Mudbound (Dee Rees, US) — Galas

By C.J. Prin

A period piece set in 1940s Mississippi, Dee Rees’ Mudbound takes the form of a low-key epic about race relations in America, counteracting its mid-sized budget with a sprawling narrative structure. Henry McAllan (Jason Clarke) and his wife Laura (Carey Mulligan) purchase a farm for their family, part of which is leased by Hap Jackson (Rob Morgan) and his wife Florence (Mary J. Blige). On the surface, the two families have little in common aside from the land itself, as well as family members off fighting in the Second World War; Henry’s brother Jamie (Garrett Hedlund) serves as a fighter pilot, while Hap and Florence’s son Ronsel (Jason Mitchell) drives a tank in Europe. When both men return from the front and form a friendship over their shared experiences, racial tensions between the clans go from a light simmer to a raging boil.

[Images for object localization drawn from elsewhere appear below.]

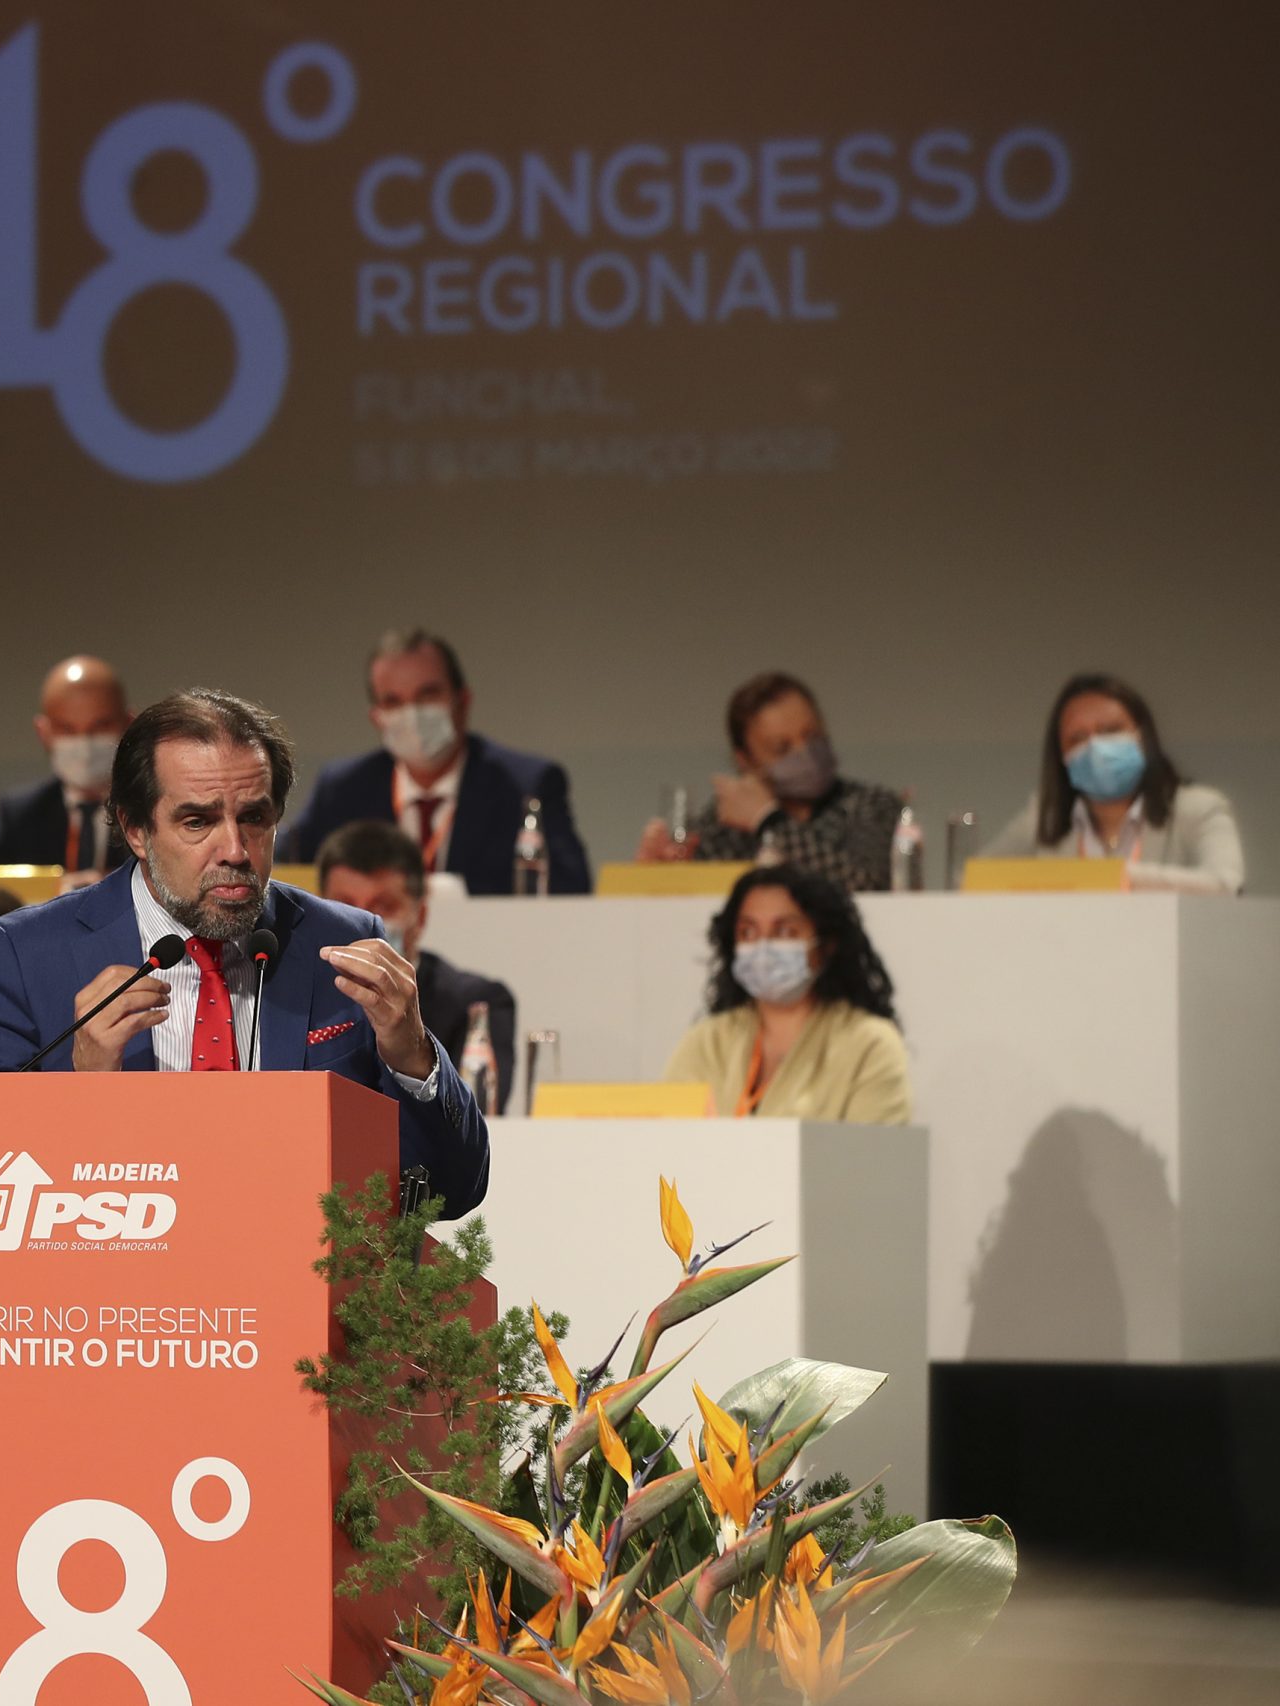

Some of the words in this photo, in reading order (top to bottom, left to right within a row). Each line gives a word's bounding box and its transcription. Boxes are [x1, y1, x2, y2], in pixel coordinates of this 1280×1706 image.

[355, 128, 1072, 248] CONGRESSO
[358, 249, 839, 335] REGIONAL
[72, 1163, 179, 1182] MADEIRA
[29, 1191, 177, 1241] PSD
[27, 1241, 68, 1251] PARTIDO
[71, 1241, 105, 1251] SOCIAL
[108, 1241, 168, 1251] DEMOCRATA
[43, 1306, 89, 1333] NO
[99, 1306, 258, 1334] PRESENTE
[81, 1338, 108, 1368] O
[116, 1338, 259, 1369] FUTURO

Adapting Hillary Johnson’s novel of the same name, Rees and co-writer Virgil Williams keep the source material’s design in place, hopping back and forth between the perspectives of all six major characters making up the strange yet unremarkable ensemble. The purpose of this patterning is clear: by comparing their individual desires and struggles, the film explores the universal, human qualities uniting these characters, as well as the external forces keeping them separated. It’s an ambitious and admirable effort at a message of unity by Rees, but the structural juggling act spreads things too thin, forcing overlapping storylines into small, narratively pat chunks. The easy, familiar narrative beats, culminating in a melodramatic and predictable conclusion (one that loses its impact by Rees using the tired device of opening her film with a flash-forward), conflict with the attempt to cover such complex thematic ground. Much like its characters’ inability to break free from the racial and social barriers surrounding them, Mudbound finds itself unable to transcend its own conventions.